◆ PROBLEM STATEMENT ◆
What is needed is a verbatim copy of every record below, with the pictures left out.
Start of SOURCE INFORMATION
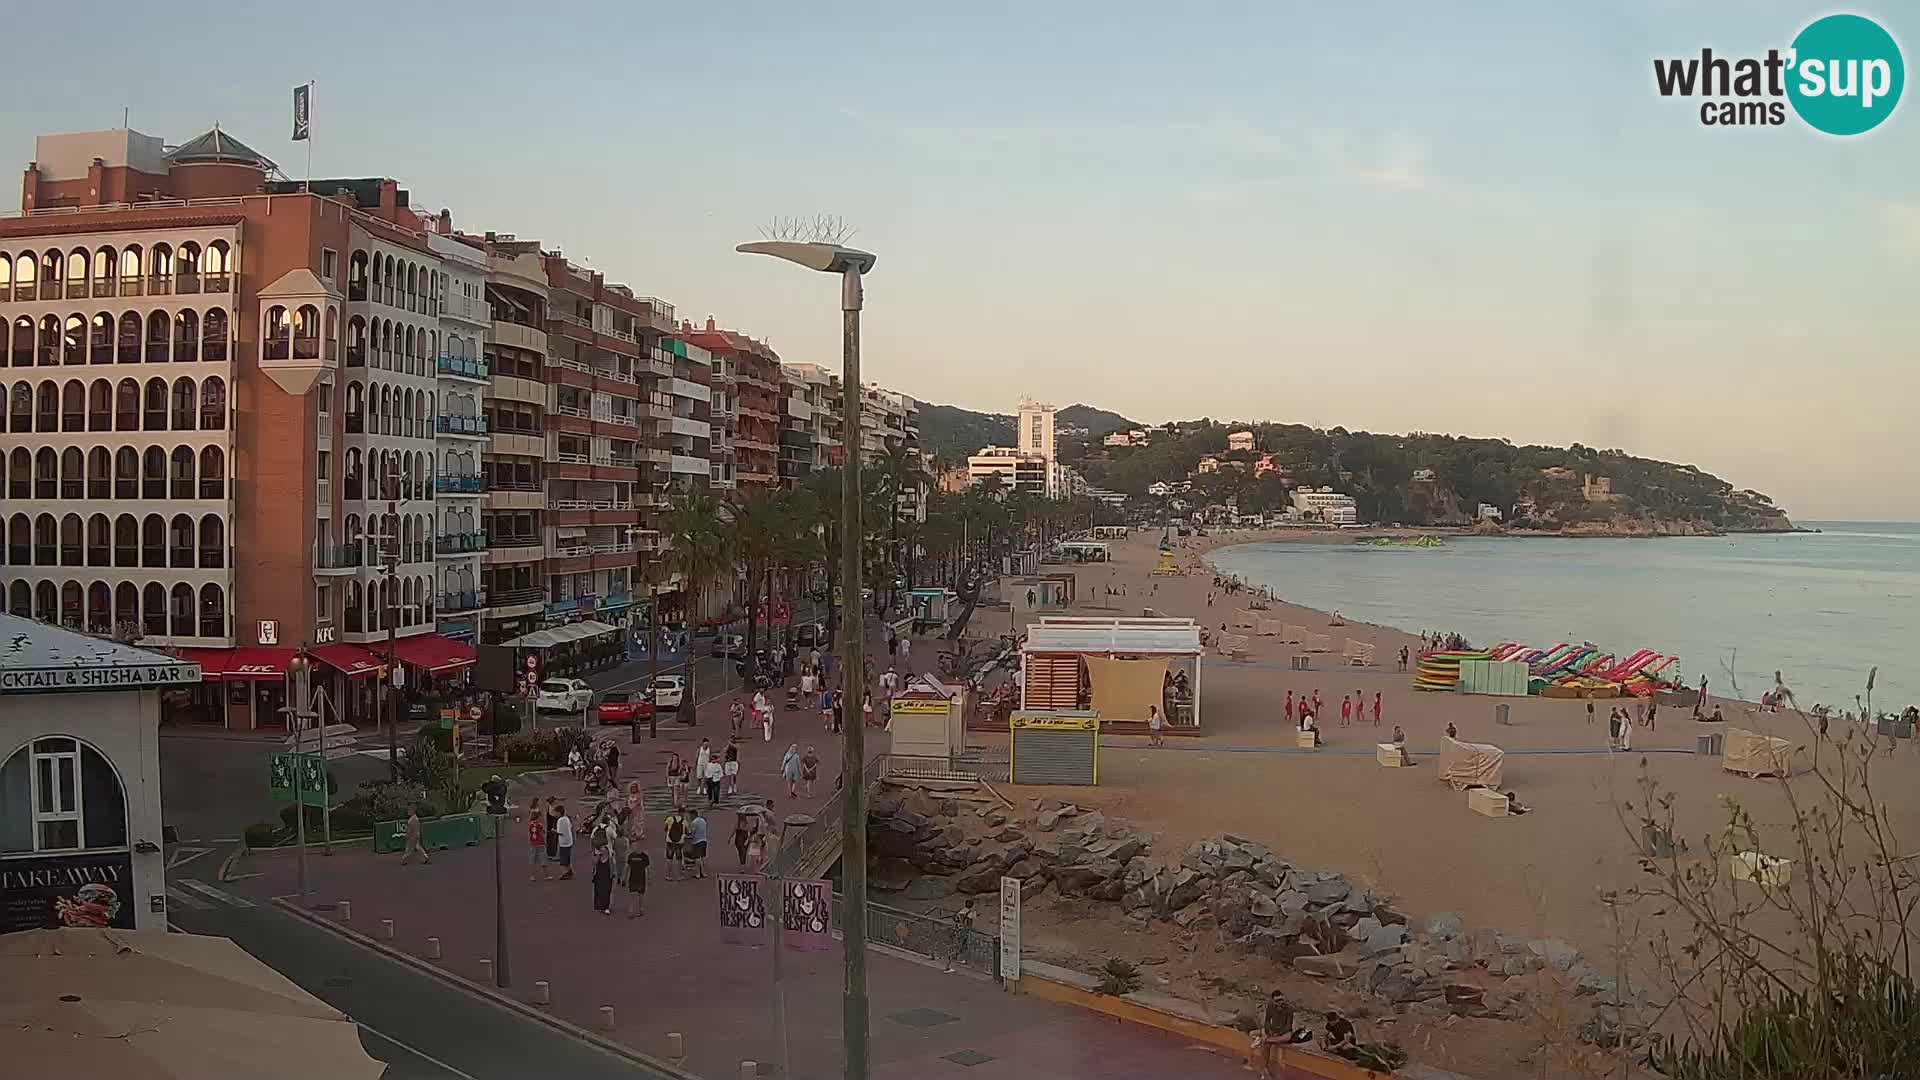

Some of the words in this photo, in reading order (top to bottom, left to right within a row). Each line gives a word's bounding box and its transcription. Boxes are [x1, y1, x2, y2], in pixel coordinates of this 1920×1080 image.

[315, 627, 335, 644] KFC
[2, 672, 61, 687] CKTAIL
[65, 671, 77, 685] &
[81, 668, 143, 685] SHISHA
[148, 667, 181, 682] BAR
[238, 664, 275, 672] KFC
[0, 865, 123, 889] TAKEAWAY
End of SOURCE INFORMATION
◆ EXPECTED ANSWER ◆
Some of the words in this photo, in reading order (top to bottom, left to right within a row). Each line gives a word's bounding box and its transcription. Boxes are [x1, y1, x2, y2], in pixel coordinates of this 1920×1080 image.

[315, 627, 335, 644] KFC
[2, 672, 61, 687] CKTAIL
[65, 671, 77, 685] &
[81, 668, 143, 685] SHISHA
[148, 667, 181, 682] BAR
[238, 664, 275, 672] KFC
[0, 865, 123, 889] TAKEAWAY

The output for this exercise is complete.